É a presença de Jesus que configura a Fraternidade com a verdadeira casa de Nazaré. Essa experiência eucarística que ele teve foi a base de toda a sua vida de oração, a qual se realiza nessa Presença tão amada. Continha, então, um germe de uma vida eucarística completa.

“Querendo fazer de toda sua vida uma imitação da vida de Jesus, ele a orienta definitivamente numa perspectiva nitidamente contemplativa e cristocêntrica. Tudo na sua vida é para Jesus. Estejamos vigilantes também, para que nossa vida seja nitidamente, e desde o começo, orientada nesse sentido: é por amor do Cristo, para realizar plenamente uma amizade com Ele, que queremos viver uma vida e oração, de trabalho e de caridade”.

O critério de devotamento aos irmãos é que seja nossa vida um testemunho de vida divina, e não uma luz e perspectiva puramente humanas. A caridade deve ser um verdadeiro transbordamento de amor divino!

Vamos aprender com o Pe. De Foucauld a fazer esse trabalho de desapropriação de nós mesmos, que não se faz senão pela humildade, pela obediência, pela mortificação, pela pobreza, e esse amor pela abjeção da qual falamos.

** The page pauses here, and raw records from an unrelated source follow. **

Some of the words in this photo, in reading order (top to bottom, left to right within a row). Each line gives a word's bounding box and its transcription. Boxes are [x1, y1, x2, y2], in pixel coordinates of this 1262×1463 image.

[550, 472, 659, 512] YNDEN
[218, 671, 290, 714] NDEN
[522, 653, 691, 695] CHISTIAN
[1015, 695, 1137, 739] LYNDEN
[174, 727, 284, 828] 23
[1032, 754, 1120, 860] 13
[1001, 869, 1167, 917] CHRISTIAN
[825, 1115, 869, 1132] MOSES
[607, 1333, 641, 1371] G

Oração eucarística na base de uma fé corajosa, esclarecida, na Presença real de Jesus.


SEGUNDO PERÍODO:- Desde a aceitação da perspectiva do sacerdócio até o fim da estada em Beni-Abbés.

Sua evolução espiritual, centrada na realização da 1ª Fraternidade e na fundação da Congregação dos irmãozinhos do Sagrado Coração faz aparecer uma concepção ampliada da Vida de Nazaré. Algumas características novas:


A atividade redentora oculta do Salvador em Nazaré


Devoção ao Sagrado Coração


Salvação das almas


Exercício de uma caridade muito grande para com o próximo. O amor de Deus e do próximo não podem andar um sem o outro.

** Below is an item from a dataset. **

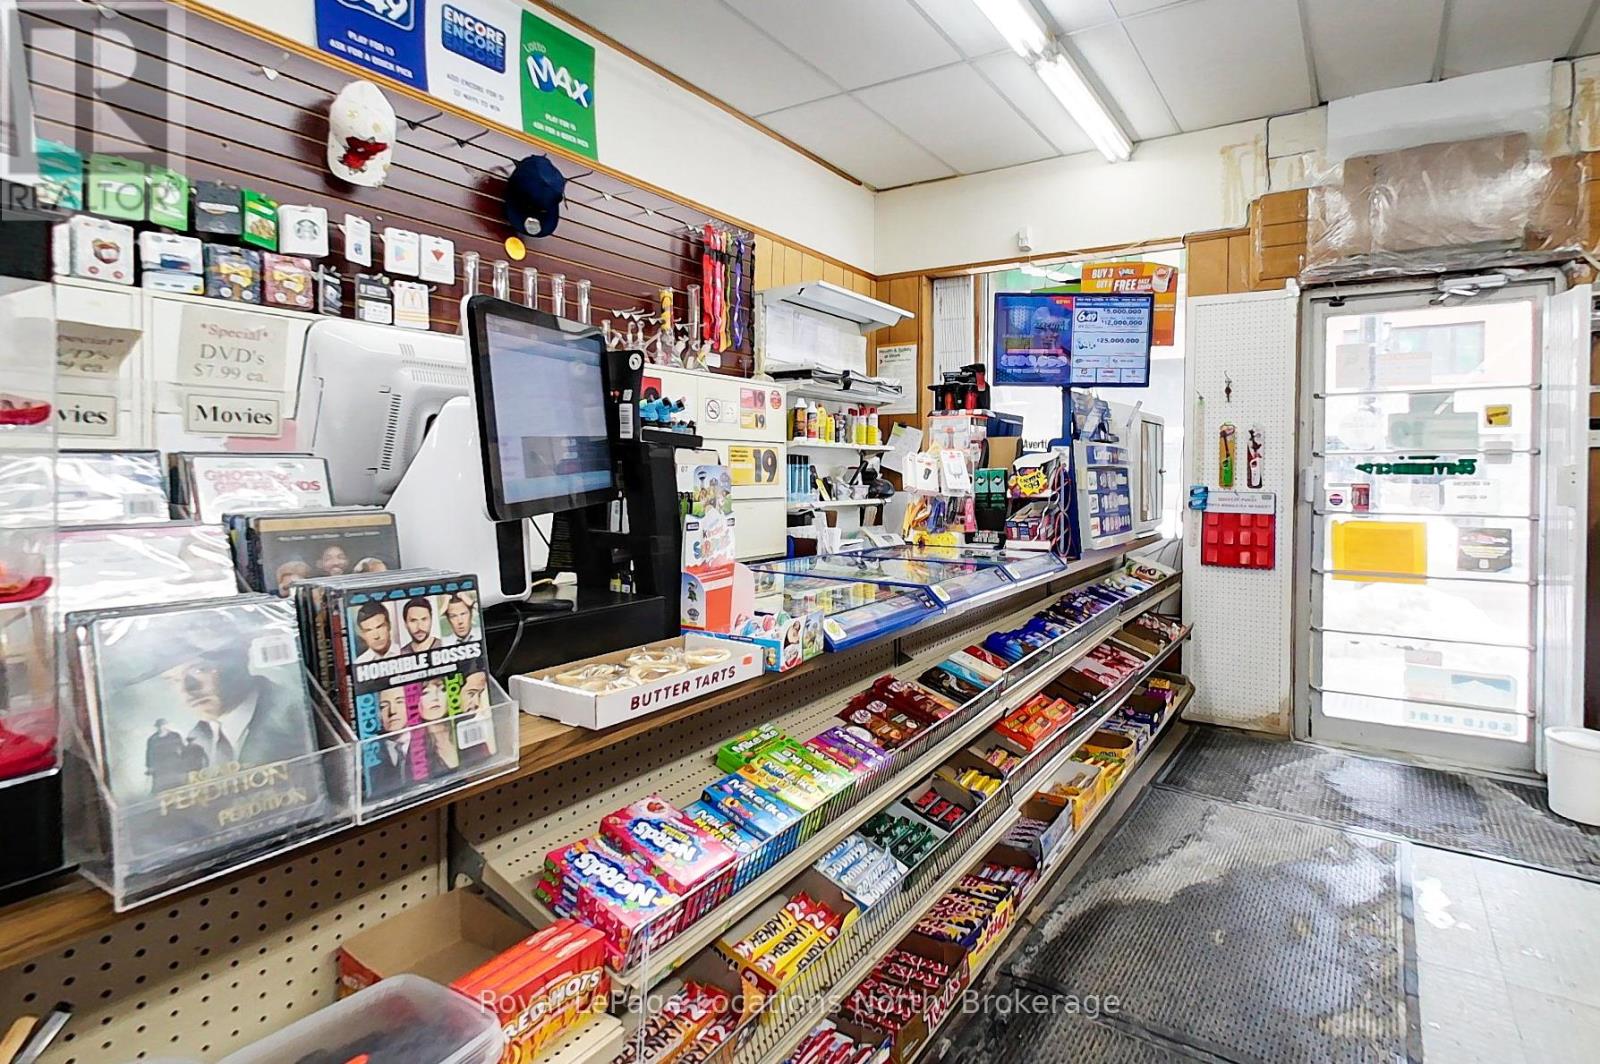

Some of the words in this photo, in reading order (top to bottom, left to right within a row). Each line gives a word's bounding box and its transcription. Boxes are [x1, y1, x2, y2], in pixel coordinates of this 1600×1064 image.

Em Beni-Abbés, rompe sua clausura por motivo desse amor ao próximo, desarranja seus horários, procura deliberadamente o contato com todos os que o rodeiam: negros, árabes e europeus. Inspira-se nos contatos que Jesus deveria ter tido com seus vizinhos e outros habitantes de Nazaré.

Essa descoberta é feita em Beni-Abbés na vida cotidiana. Deixa de ser a simples hospitalidade, do regulamenteo de 1899, para uma verdadeira vida em contato constante. “Beni-Abbés é, portanto, como que um período de transição”.



TERCEIRO PERÍODO:- Os últimos anos de Tamanrasset.


Sem elementos novos, mas “o pleno desenvolvimento de sua caridade e de uma vocação de agora em diante, plenamente possuída”.

“O ajuste definitivo de sua concepção da vida de Nazaré será feito, sem dúvida, mais no concreto dos atos que na enunciação dos princípios”.

Numa carta de maio de 1911, há um esboço de “traduzir essa concepção no plano de uma organização de vida religiosa em comunidade.”

Período rico em aplicações práticas: “Vida deliberadamente engajada na das populações tuaregues, sem separações nem constrangimentos”;

Contatos mais nitidamente procurados fora da Fraternidade, como visitas, saídas, excursões.

Conhecimento aprofundado da língua, folclore e costumes dos habitantes.

“A expressão de sua devoção eucarística passa por uma evolução profunda. Já não encara a perpetuidade da adoração como essencial às suas Fraternidade. Não hesita em deixar a celebração cotidiana da Missa por muitos meses, para ir estabelecer-se no meio do Hoggar, nem de ficar sem conservar a Eucaristia no Tabernáculo por seis anos durante os seis primeiros anos em Tamanrasset, por proibição de seu Prefeito Apostólico, por não haver cristãos na vizinhança.

“Sua devoção eucarística passou, por esse fato, como que por uma purificação,e sua vida eucarística como que se integrou em seu amor por Jesus”.

Desse momento em diante, o amor que tem pelos seus irmãos tuaregues é verdadeiramente compreendido e vivido por ele como uma das faces da única caridade que o une ao Cristo”.

Em Tamanrasset, porém, seu ideal continua o mesmo que desde o começo de sua vida religiosa: imitar a vida de Jesus de Nazaré. Para isso ele vive

-Períodos de vida mais solitária

-É um homem de súplica, de oração, verdadeiro contemplativo.

-Não faz ministério

-Almeja fazer outros irmãos participarem de sua vida.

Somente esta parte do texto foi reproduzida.